:: The input

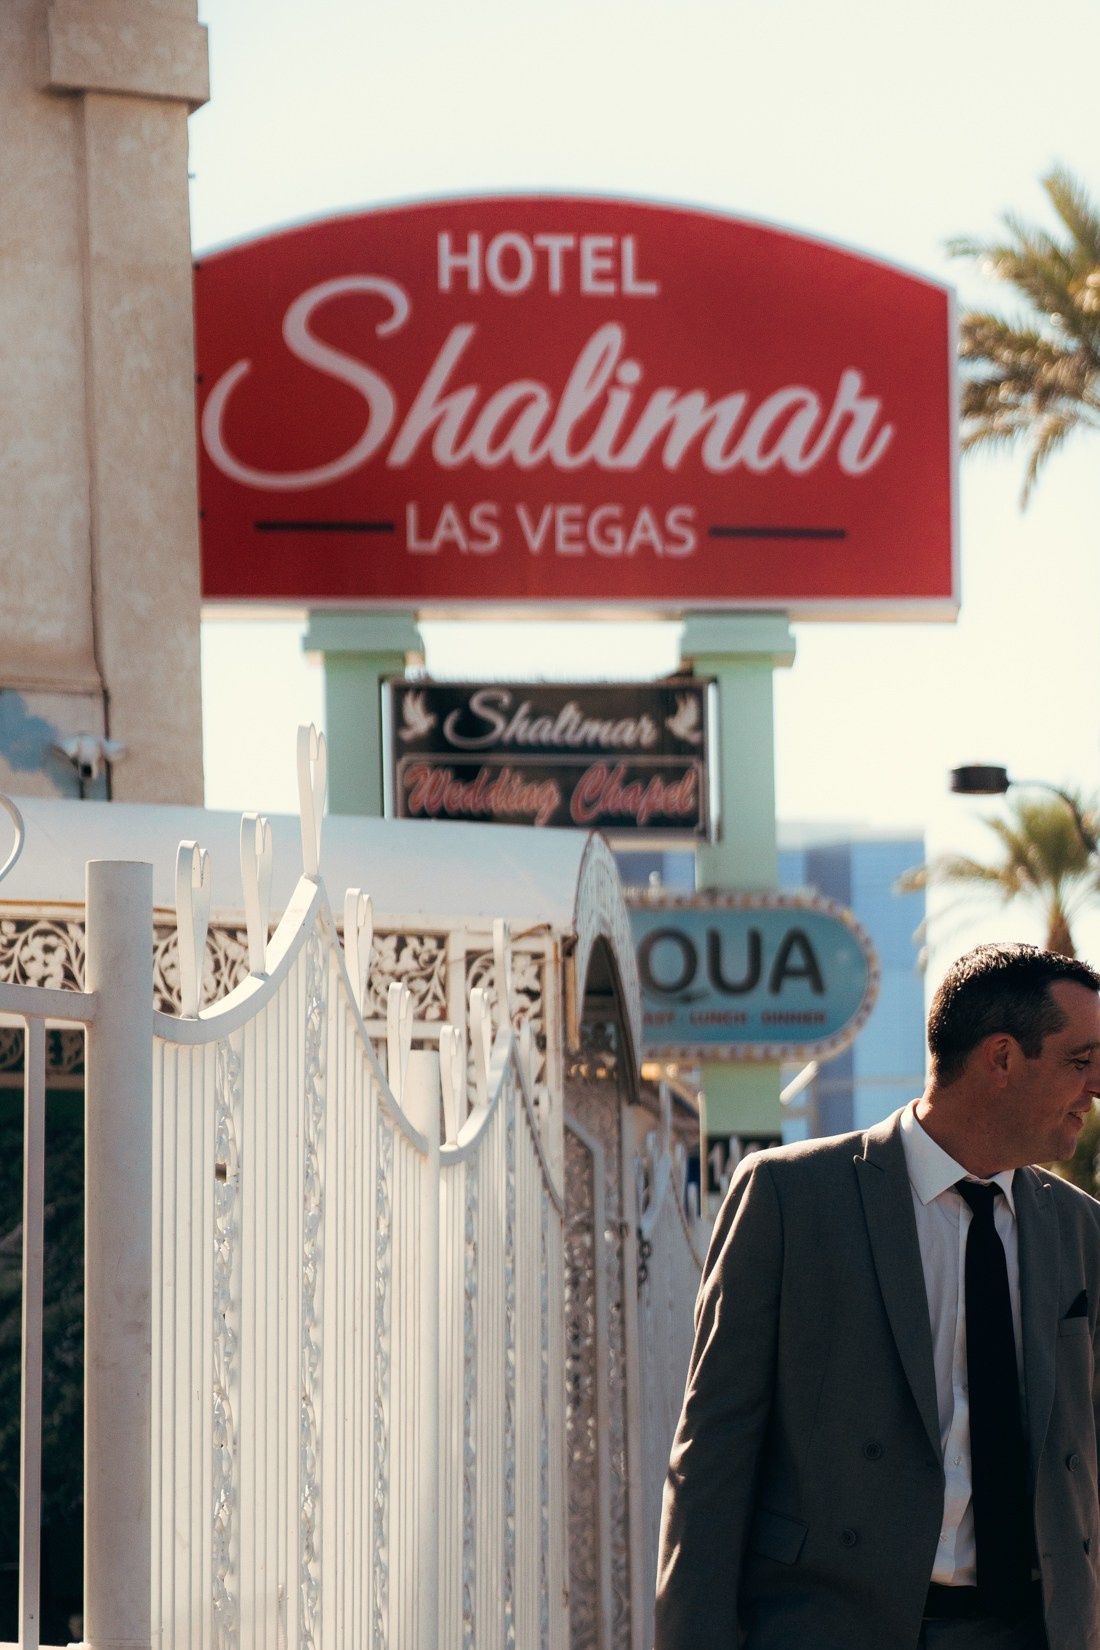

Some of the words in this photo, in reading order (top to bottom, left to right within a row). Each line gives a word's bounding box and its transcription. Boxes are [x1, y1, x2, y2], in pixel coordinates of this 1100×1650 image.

[437, 231, 660, 295] HOTEL
[201, 275, 895, 492] Shalimar
[405, 503, 501, 555] LAS
[517, 505, 698, 557] VEGAS
[443, 687, 658, 750] Shalimar
[403, 762, 561, 827] Wedding
[569, 758, 700, 825] Chapel
[638, 926, 827, 1006] QUA
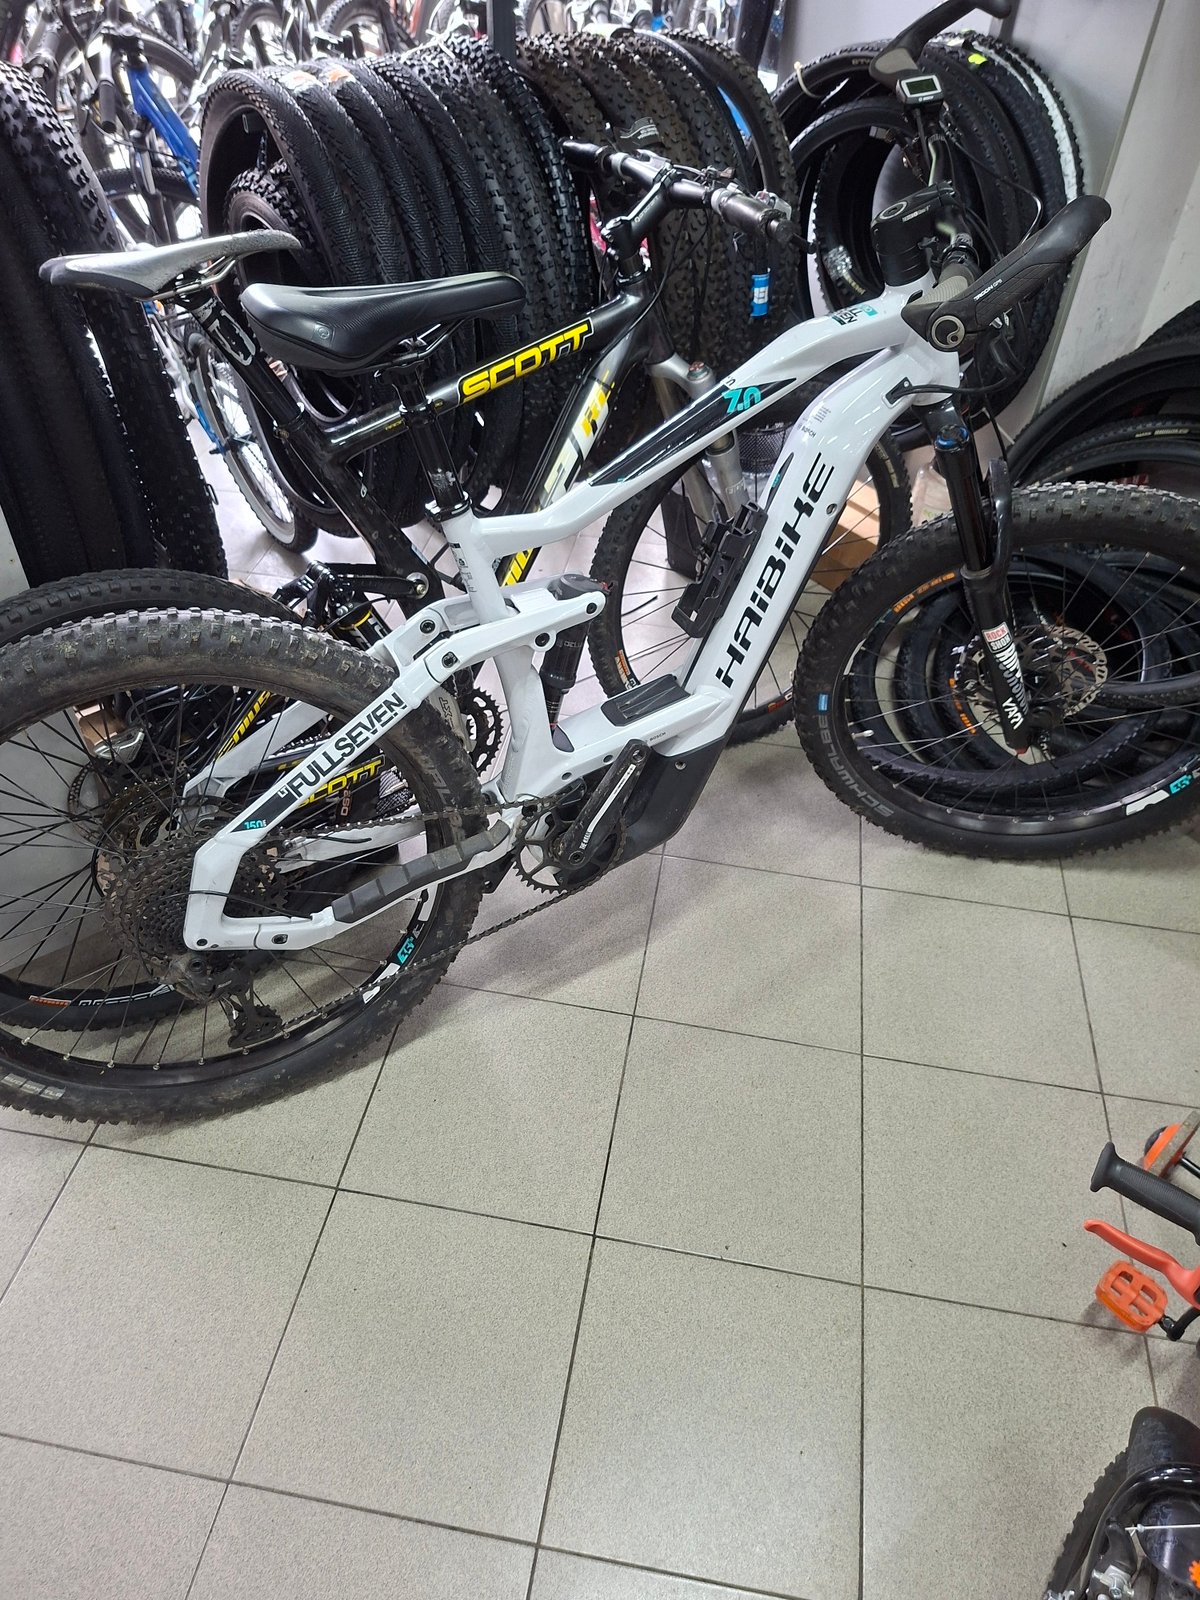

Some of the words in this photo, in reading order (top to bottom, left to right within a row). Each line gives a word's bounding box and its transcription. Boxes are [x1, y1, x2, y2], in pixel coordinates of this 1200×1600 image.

::::

What to produce
Please give back every line above exactly as it stands, without pictures.

Exercise output
Some of the words in this photo, in reading order (top to bottom, left to right within a row). Each line gives a word's bounding box and its transcription. Boxes are [x1, y1, x2, y2], in pixel coordinates of this 1100×1650 image.

[437, 231, 660, 295] HOTEL
[201, 275, 895, 492] Shalimar
[405, 503, 501, 555] LAS
[517, 505, 698, 557] VEGAS
[443, 687, 658, 750] Shalimar
[403, 762, 561, 827] Wedding
[569, 758, 700, 825] Chapel
[638, 926, 827, 1006] QUA

Some of the words in this photo, in reading order (top to bottom, left to right within a row). Each line gives a word's bounding box and its transcription. Boxes are [x1, y1, x2, y2], in pixel coordinates of this 1200×1600 image.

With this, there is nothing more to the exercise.